------ Provided data ------

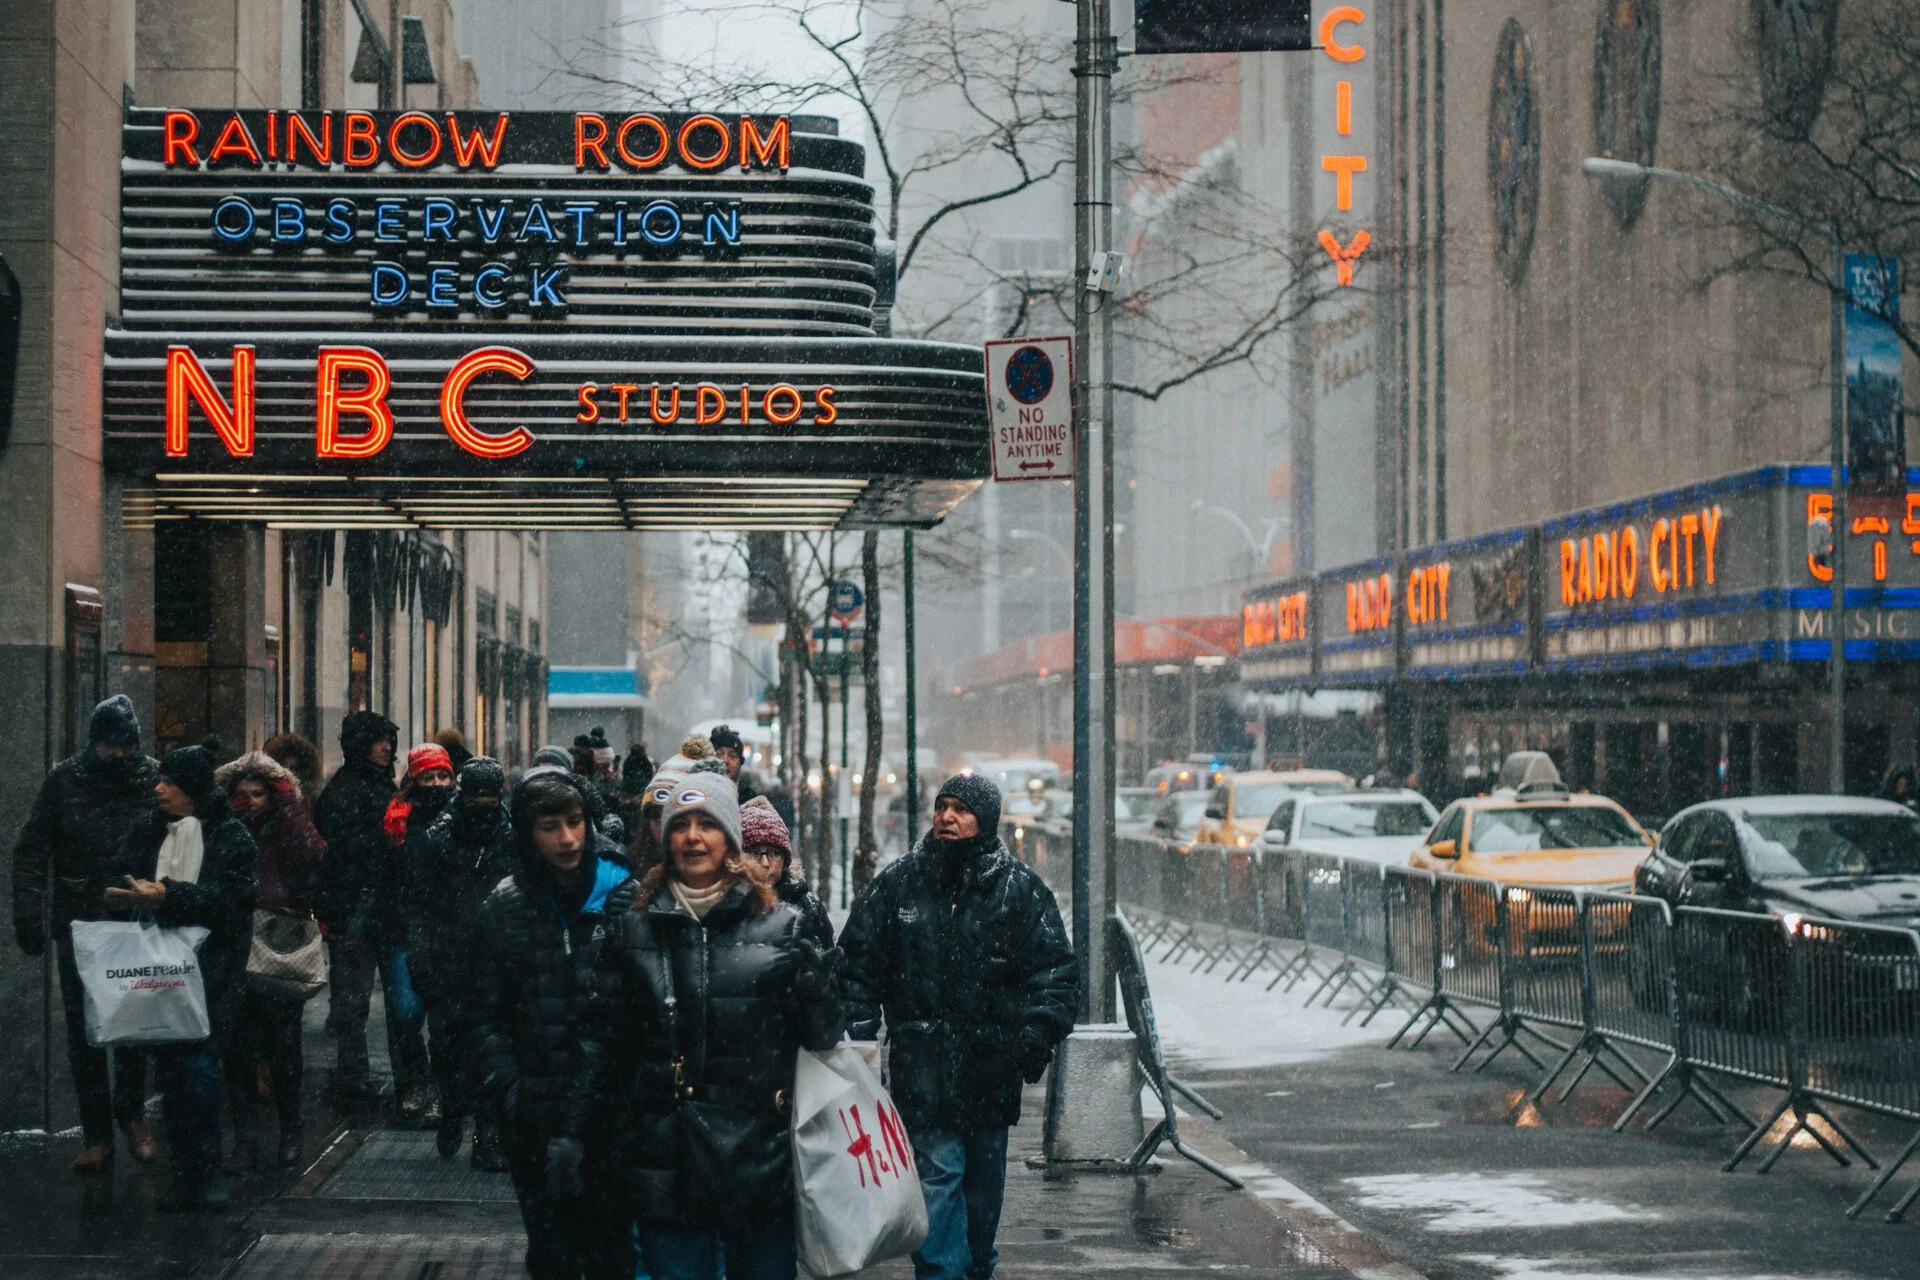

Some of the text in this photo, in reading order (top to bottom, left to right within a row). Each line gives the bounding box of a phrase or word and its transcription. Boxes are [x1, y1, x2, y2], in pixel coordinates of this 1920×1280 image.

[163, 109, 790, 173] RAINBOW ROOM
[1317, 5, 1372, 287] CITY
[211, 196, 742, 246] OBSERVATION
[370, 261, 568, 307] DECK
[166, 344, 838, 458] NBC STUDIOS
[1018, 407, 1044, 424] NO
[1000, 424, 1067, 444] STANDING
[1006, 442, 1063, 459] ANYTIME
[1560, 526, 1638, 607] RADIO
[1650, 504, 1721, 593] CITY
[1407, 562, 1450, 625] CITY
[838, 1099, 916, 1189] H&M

------

### Work instructions
An exact copy of each entry is required, minus the pictures.

### Solved exercise
Some of the text in this photo, in reading order (top to bottom, left to right within a row). Each line gives the bounding box of a phrase or word and its transcription. Boxes are [x1, y1, x2, y2], in pixel coordinates of this 1920×1280 image.

[163, 109, 790, 173] RAINBOW ROOM
[1317, 5, 1372, 287] CITY
[211, 196, 742, 246] OBSERVATION
[370, 261, 568, 307] DECK
[166, 344, 838, 458] NBC STUDIOS
[1018, 407, 1044, 424] NO
[1000, 424, 1067, 444] STANDING
[1006, 442, 1063, 459] ANYTIME
[1560, 526, 1638, 607] RADIO
[1650, 504, 1721, 593] CITY
[1407, 562, 1450, 625] CITY
[838, 1099, 916, 1189] H&M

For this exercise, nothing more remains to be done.